Miguel Hernandez: Poetry Between Tradition and Modernity
Miguel Hernandez’s life was marked by a strong contrast between tradition and modernity, as reflected in his poetry and personal circumstances.
Early Life and Traditional Influences
During his childhood, Miguel Hernandez attended the schools of Hail Mary in his hometown, Orihuela. This, together with his work as a pastor, endowed him with strong traditional cultural baggage. The pastoral life of his childhood and the religious education he received were the focus of his early works, including some copies of his early poems, the book Expert on Moons, and the first part of The Whistle Violated. Expert on Moons is especially noticeable, where the weight of his religious background gives his poetry a rich imagery.
Transitional Period and the Influence of Neruda
In 1933, he published the book Expert on Moons, which shows the influence of the purist poetry of the 1920s. The relationship between Miguel Hernandez and Ramon Sijé deteriorated gradually until the latter’s death. Miguel Hernandez began to cultivate the sonnet, and the theme of love began to take a clear role in his work. In this final stage, Miguel Hernandez had already broken all ties with pure poetry, and his faith began to grow early and impure poetry. Neruda also influenced Miguel; the diversification of the Chilean poet overwhelmed Miguel and served to unlock the purism and Gongorism that had dragged from his first lines.
Return to Traditional Forms
From this point on, the innovative exaltation moderated in Miguel Hernández, closer to traditional compositions of nature, at least in what refers to metrical structure. His following books, Wind in Town, Man Haunts, and Romances of the Cancionero of Absences, are based on a direct poetry that recreates its oral nature, hence the employment of romance and the underground octosyllable short, which is rooted in traditional song and poetry.

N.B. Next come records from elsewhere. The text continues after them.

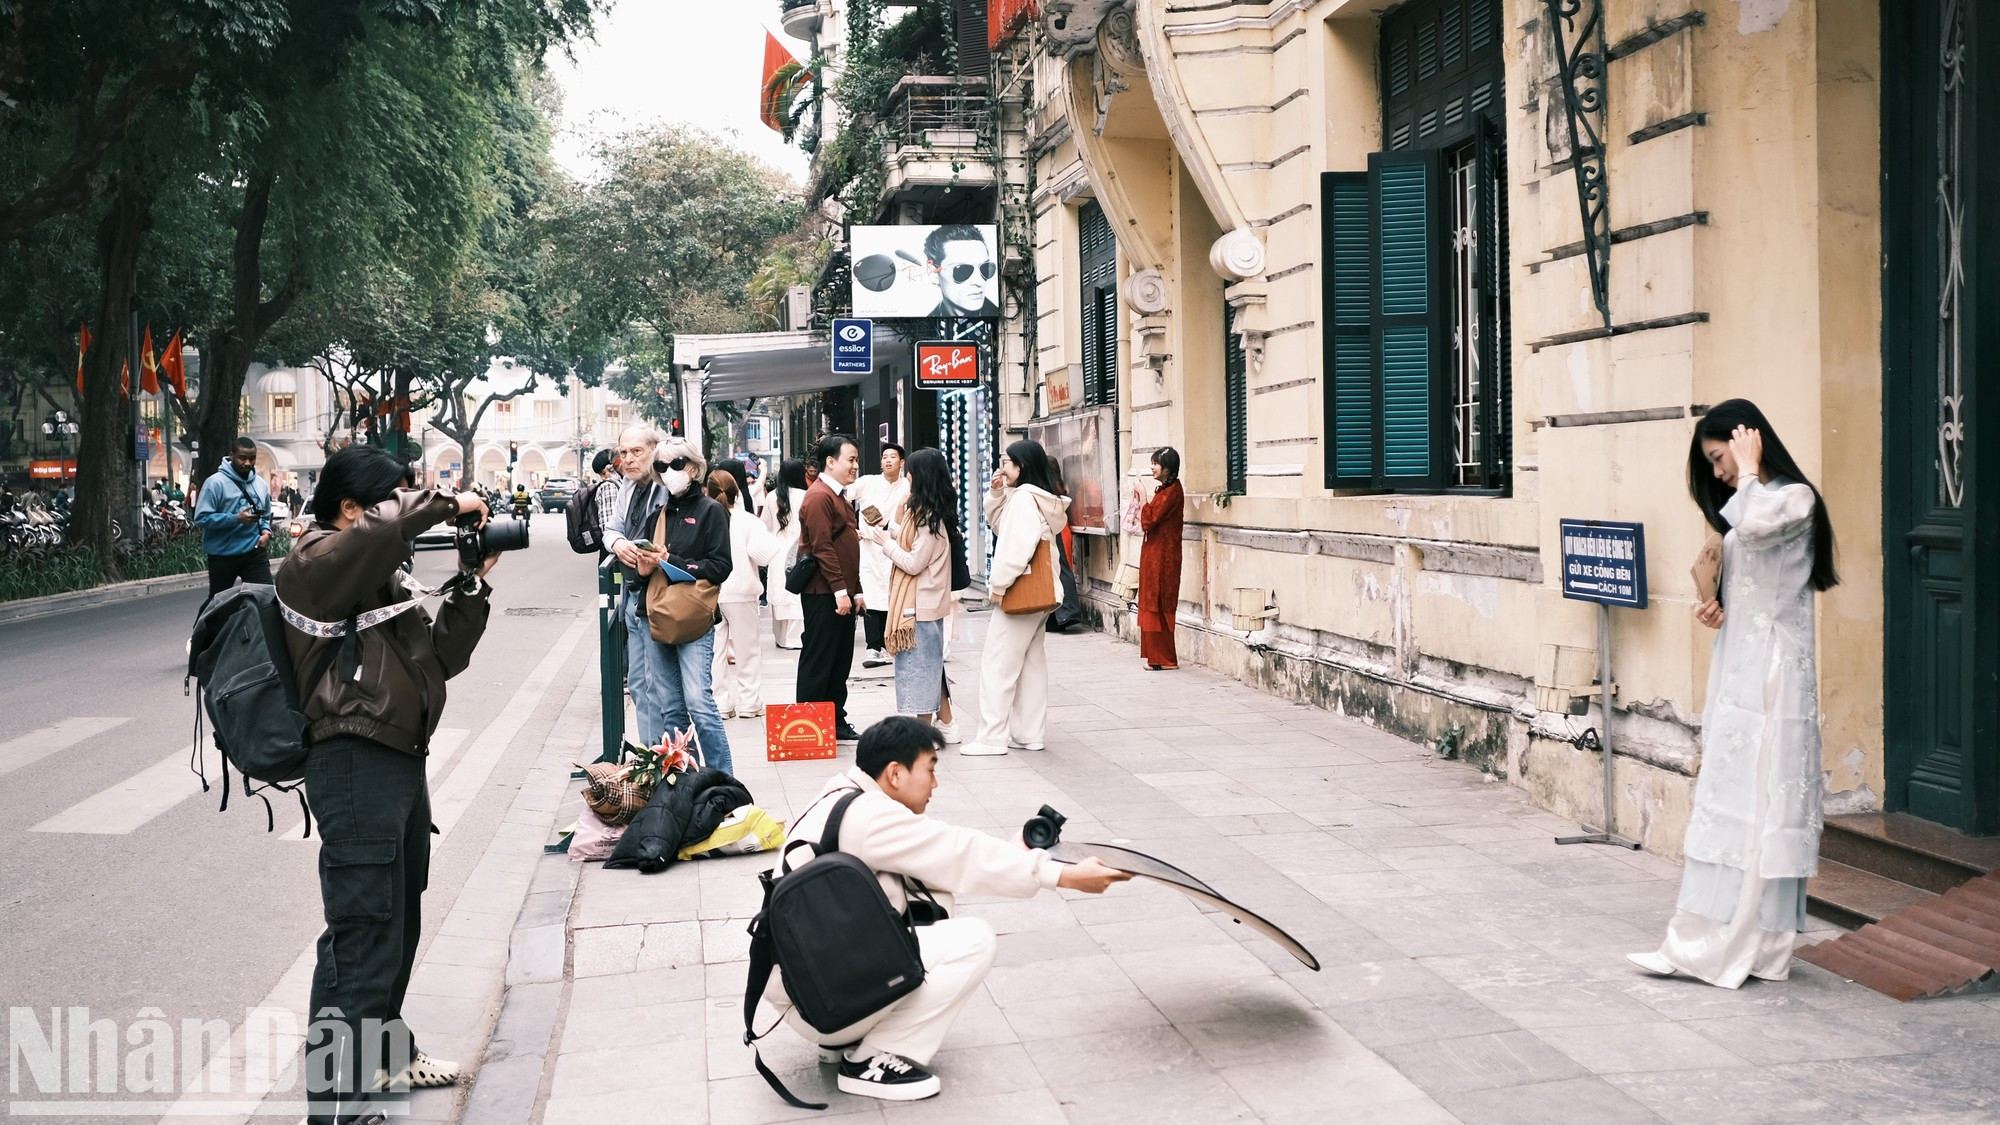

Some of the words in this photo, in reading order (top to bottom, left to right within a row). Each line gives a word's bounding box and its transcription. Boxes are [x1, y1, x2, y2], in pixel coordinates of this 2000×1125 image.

[839, 344, 866, 352] essilor
[923, 349, 973, 375] Ray-Ban
[1583, 565, 1593, 577] XE
[1594, 560, 1614, 579] CỔNG
[1616, 565, 1631, 581] BÊN
[1598, 580, 1617, 593] CÁCH
[1618, 585, 1632, 596] 10M
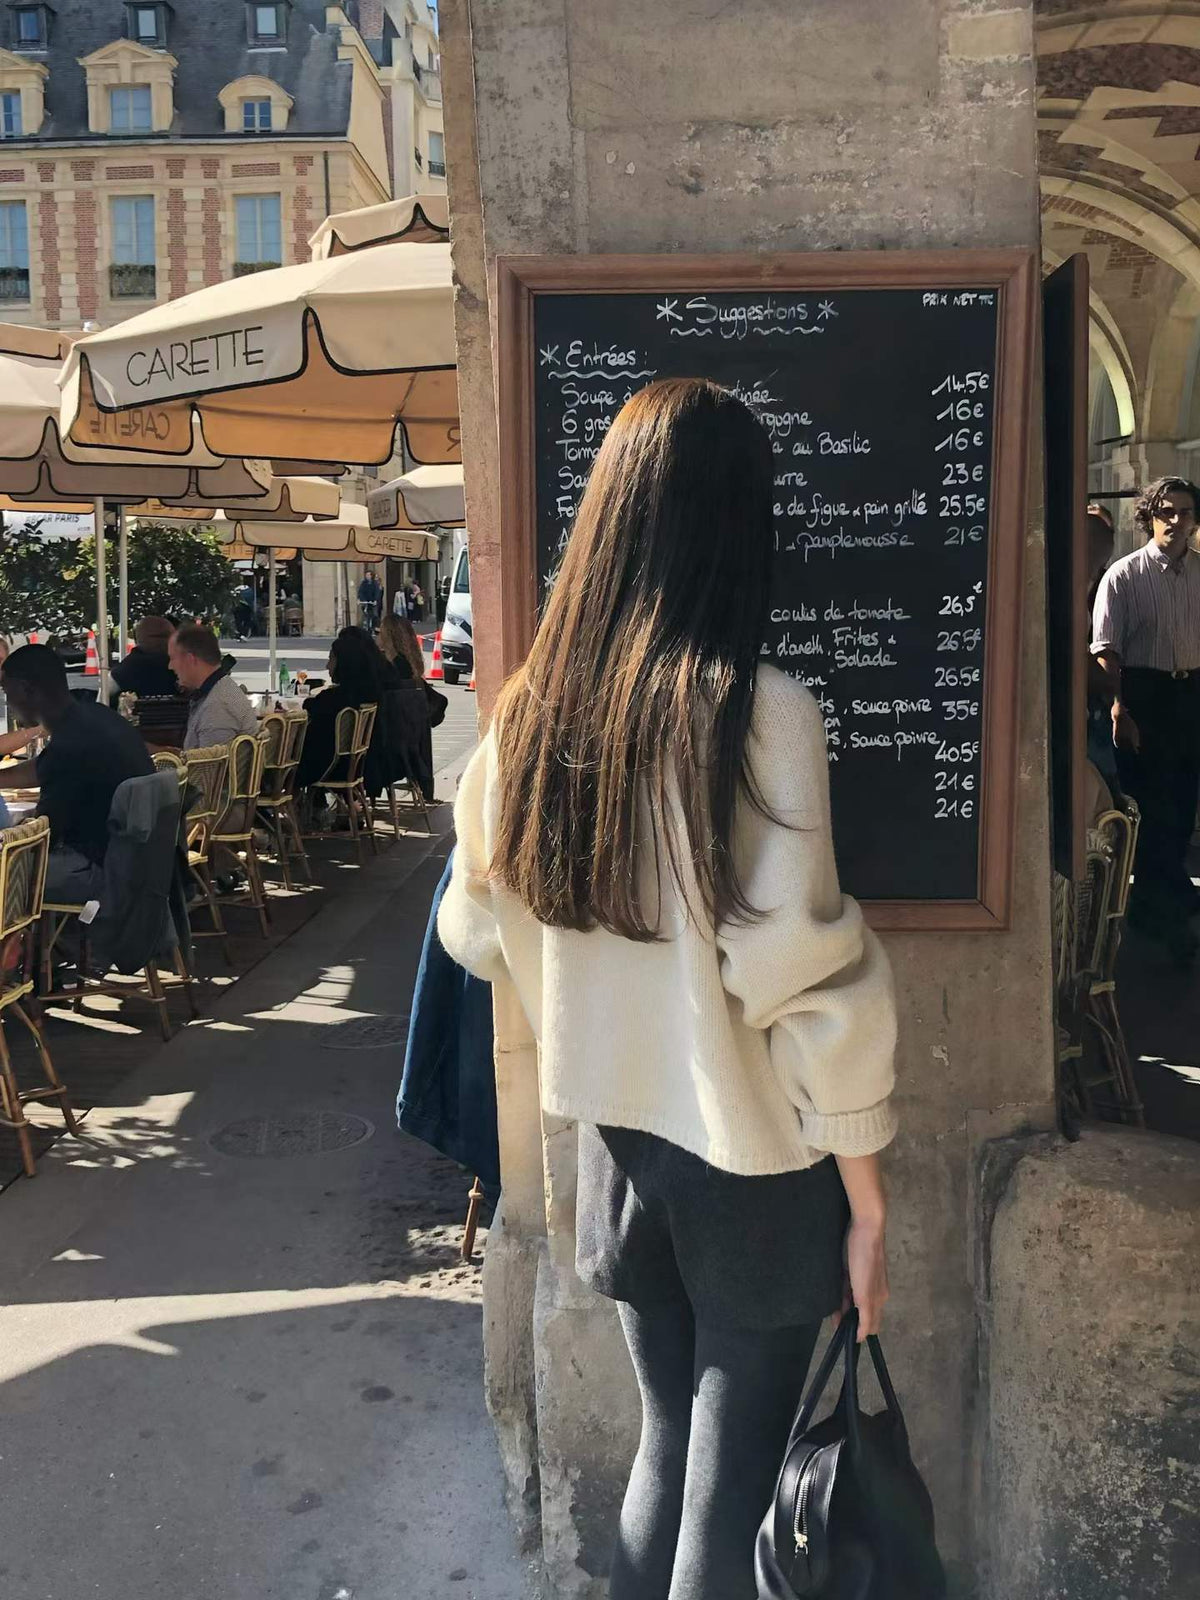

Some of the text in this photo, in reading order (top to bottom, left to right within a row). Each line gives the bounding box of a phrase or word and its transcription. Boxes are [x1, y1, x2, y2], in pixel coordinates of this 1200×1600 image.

[686, 297, 809, 340] Suggestions
[126, 326, 264, 387] CARETTE
[560, 382, 617, 413] Soupe
[561, 408, 578, 435] 6
[936, 399, 985, 421] 16€
[760, 411, 813, 439] rgogne
[816, 430, 872, 455] Basilic
[935, 428, 984, 452] 16€
[942, 463, 984, 486] 23€
[806, 492, 851, 528] figue
[890, 489, 928, 527] grillé
[938, 494, 986, 517] 25.5€
[367, 535, 413, 554] CARETTE
[796, 526, 915, 563] pamplemousse
[943, 525, 984, 546] 21€
[770, 598, 912, 623] coulis de tomate
[832, 626, 880, 647] Frites
[834, 648, 898, 669] Salade
[934, 666, 980, 688] 26.5€
[892, 698, 933, 724] poivre
[941, 700, 979, 721] 35€
[893, 731, 942, 762] poivre
[934, 771, 975, 792] 21€
[934, 798, 974, 819] 21€

The Impact of the Spanish Civil War
His two works following Wind of the People and Man Stalks are influenced by the political and social commitment that Miguel acquired during the Spanish Civil War. The first is unbridled passion, hope, and optimism; the poems are oral in nature, hence the abundant use of romance and octosyllabic as the most popular and immediate metric.
The second work, by contrast, is marked by a grim, sad, and tragic tone because of the serious consequences of war. However, with both works, he intended to influence and encourage the Republicans who were fighting on the front.
Final Stage: Introspection and Loss
In his last stage, given the intense experience of love, war, and death, Miguel Hernandez is close to the air of popular song, the mild and deep ballad.
The Songs and Ballads of Absence is his latest work and is identified with a time of great shame for the poet’s life: a civil war with a disappointing end, the death of his son, his initial condemnation to the death penalty because of his ideology, prisons, and especially his disease, the absence of his own. This will influence the poet, leading to a process of intimidation, detention in a gradual “lyrical” deprived of almost everything.